Avoid orphaned objects dependencies

Concurrent DDL can leave behind objects referencing other objects that
no longer exist. This can happen if an object is dropped, while a new
object that depends on it is created concurrently. For example:

session 1: BEGIN; CREATE FUNCTION myschema.myfunc() ...;
session 2: DROP SCHEMA myschema;
session 1: COMMIT;

DROP SCHEMA does check that there are no objects dependending on the
schema being dropped, but it does not see objects being concurrently
created by other sessions. Even if it did, this scenario would still
fail:

session 1: BEGIN: DROP SCHEMA myschema;
session 2: CREATE FUNCTION myschema.myfunc() ...;
session 1: COMMIT;

When the DROP SCHEMA runs, the schema was empty, but the new function
is created in it before the dropping transaction completes. The CREATE
FUNCTION does not see that the schema is concurrently being dropped.

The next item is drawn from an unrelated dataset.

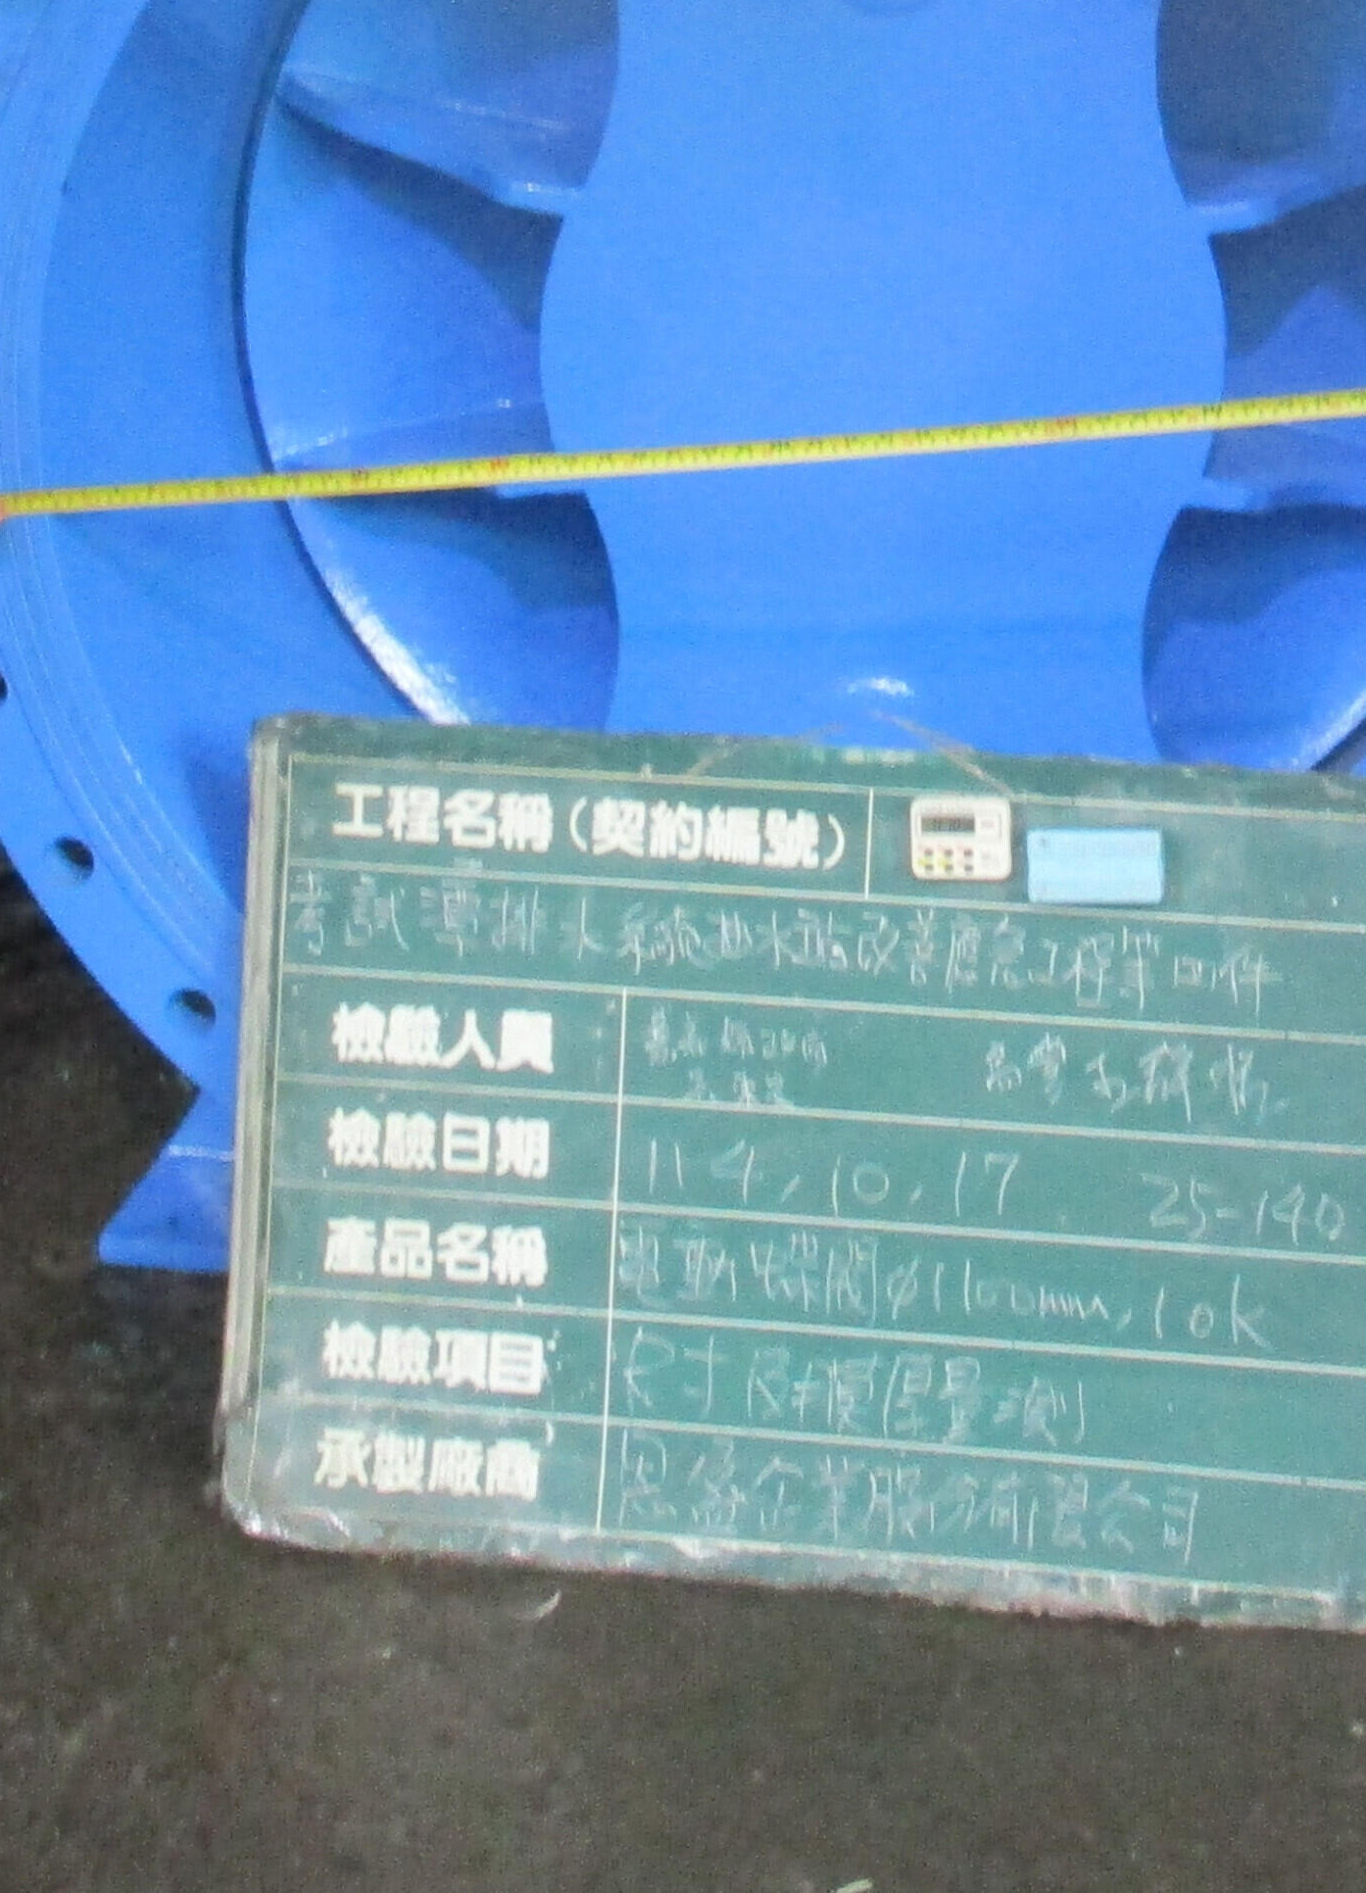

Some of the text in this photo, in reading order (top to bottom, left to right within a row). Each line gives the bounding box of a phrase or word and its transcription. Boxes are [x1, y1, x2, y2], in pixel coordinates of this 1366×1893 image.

In both of these scenarios, the function is left behind in the schema
that no longer exists.

To fix, acquire AccessShareLock on all referenced objects when
recording dependencies. This conflicts with the AccessExclusiveLock
taken by DROP, preventing the race. After acquiring the lock, verify
that the object still exists, and if it was dropped concurrently,
report an error. We already had such a mechanism for shared
dependencies, but for some reason we didn't do it for in-database
dependendies.

Ideally the locks would be acquired much earlier when creating a new
object, but that will require modifying a lot of callers. This check
while recording the dependency is a nice wholesale protection, and
even if we change all the CREATE commands to acquire locks earlier,
it's still good to have this as a backstop to catch any cases where we
forgot to do so.

The patch adds a few tests for some cases that left behind orphaned
objects before this. It also adds a test for roles, which already had
such protection, although that test is partially disabled because the
error message includes an OID which is not predictable.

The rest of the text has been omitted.